Wife and model of Auguste Renoir, 1859-1915

Aline Victorine Charigot (23 May 1859 – 27 June 1915) was a model for Auguste Renoir and later became his wife while continuing to model for him and then caring for him when he became disabled. She is pictured in many of his paintings over very many years, most famously in the early 1880s Luncheon of the Boating Party (where she is the woman on the left with the little dog), and Blonde Bather. They had three children together, two of whom, Pierre and Jean, went on to have distinguished careers in film, and the third, Claude, became a ceramic artist. Pierre had a son Claude who became a well-known cinematographer. She predeceased her elderly husband.

==Biography==
Aline Charigot was born on 23 May 1859 to a farming family who cultivated grapes in Essoyes in the department of Aube, France. (Note: Her dates of birth and death are variously reported.
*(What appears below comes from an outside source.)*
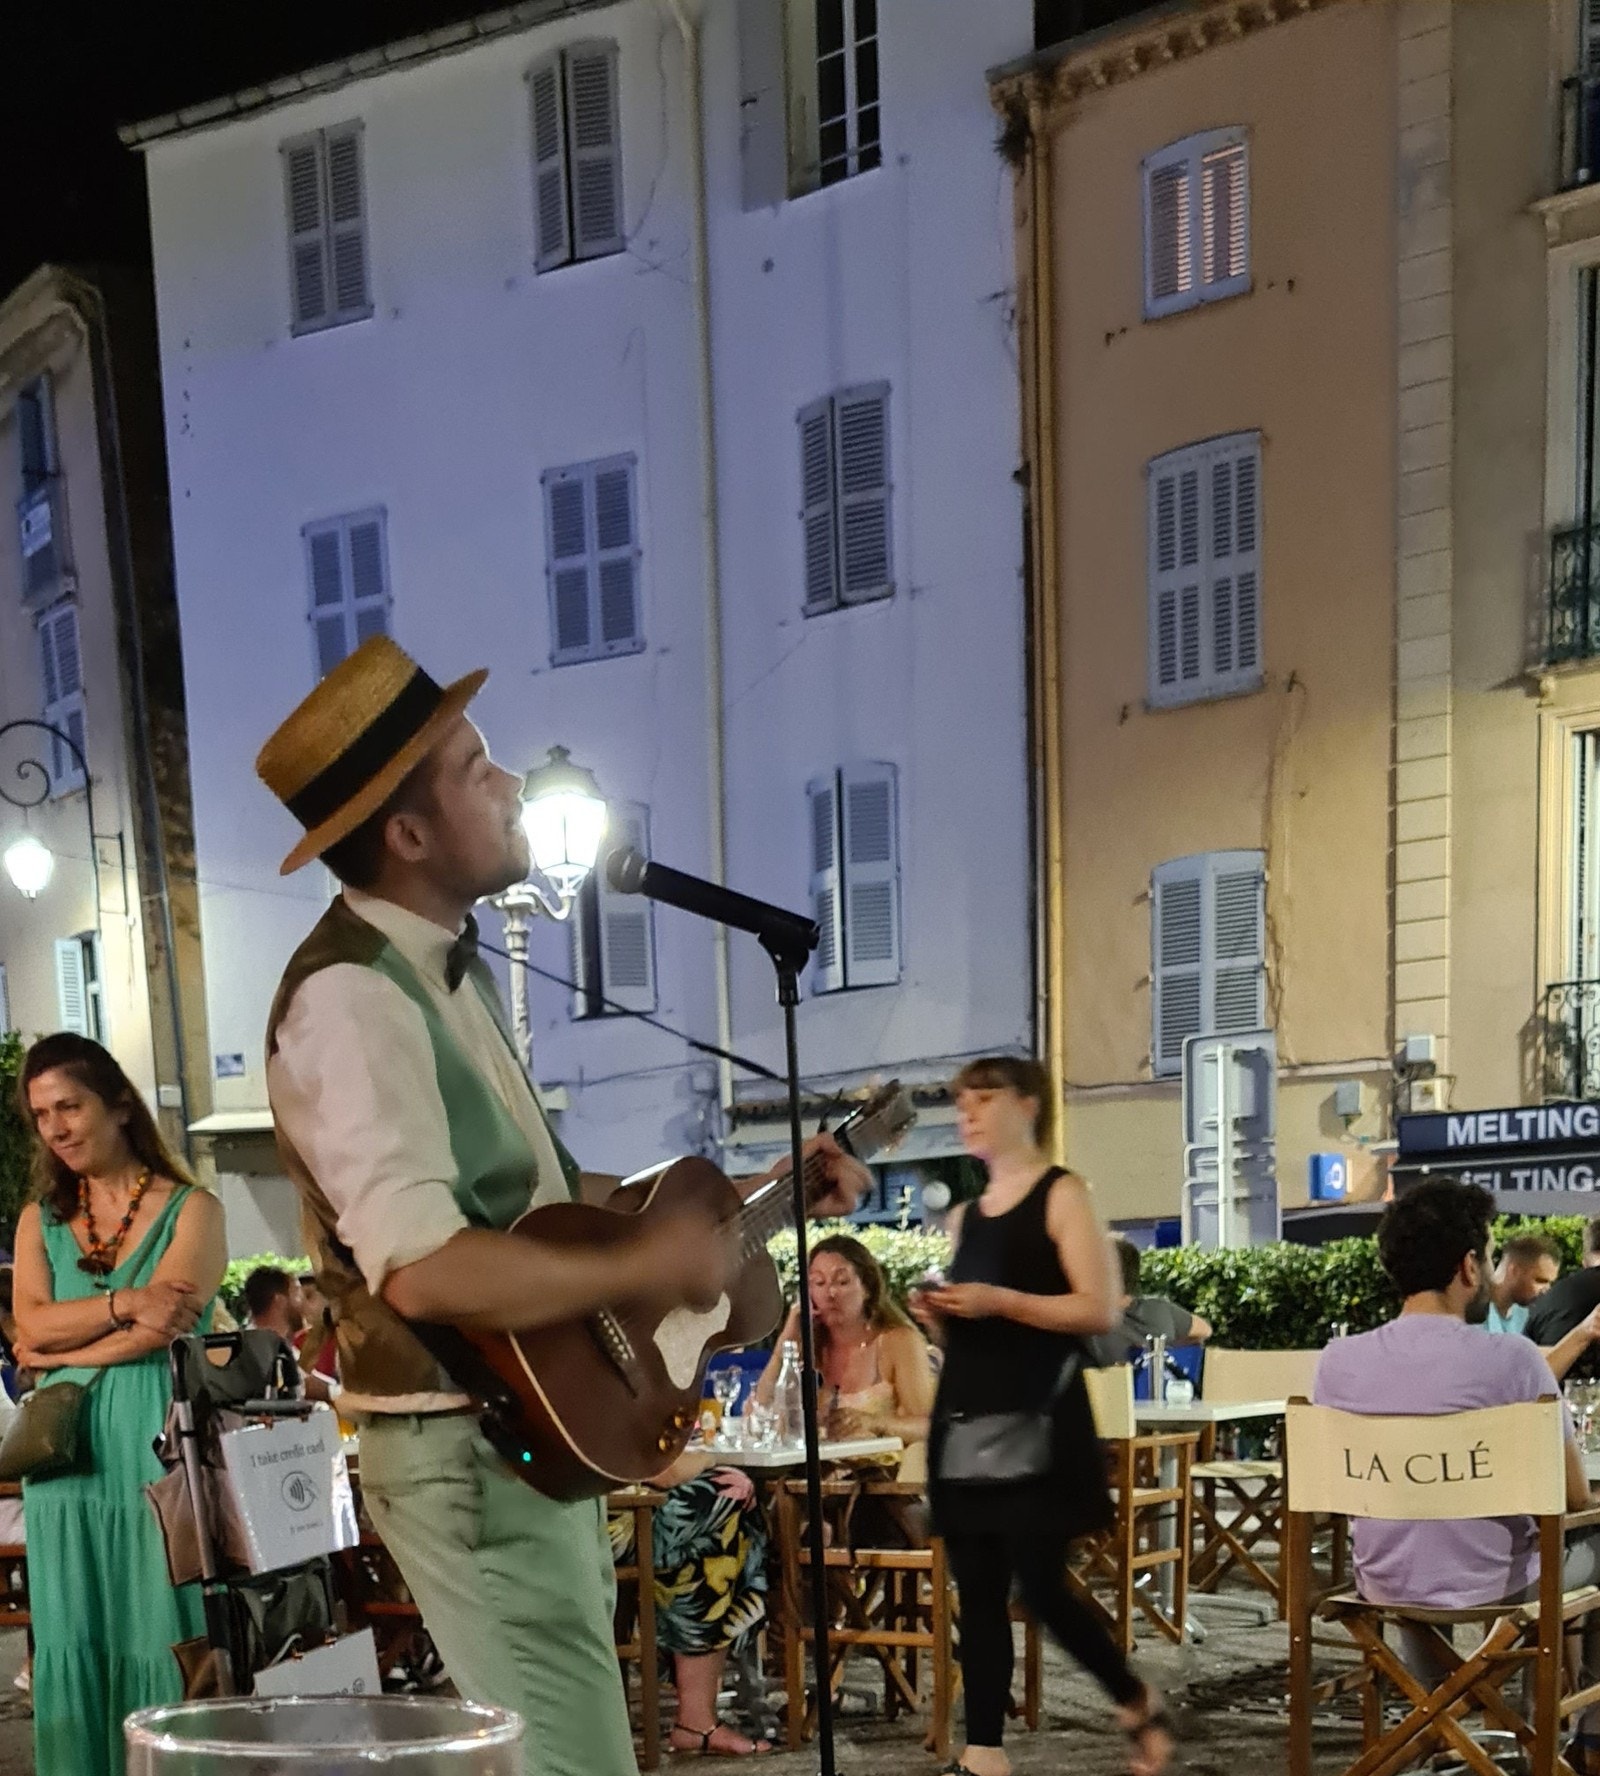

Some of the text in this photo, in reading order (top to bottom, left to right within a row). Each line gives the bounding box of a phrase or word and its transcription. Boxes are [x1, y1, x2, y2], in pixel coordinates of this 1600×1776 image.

For her birth 23 May seems agreed and 1860 is usually reported whereas her gravestone says 1859. Her date of death is most commonly given as 27 June rather than 15 June but it seems agreed she died in 1915.) When she was still a baby her father went to America and her mother moved away leaving Aline to be looked after by her aunt and uncle. She received little education. In 1874, she followed her mother to Montmartre, Paris, where she worked as a dressmaker. In about 1880 she met Auguste Renoir, when she was twenty and he nearly forty, and started modelling for him. She gave birth to their first son, Pierre, in 1885 and they married in Paris on 14 April 1890. They had two other sons, Jean born 1894 and Claude born 1901.

From 1888, the couple spent progressively more time living in Essoyes, buying a house there in 1896. In 1903, they moved to Cagnes-sur-Mer, building a new house there, Les Collettes, between 1905 and 1909.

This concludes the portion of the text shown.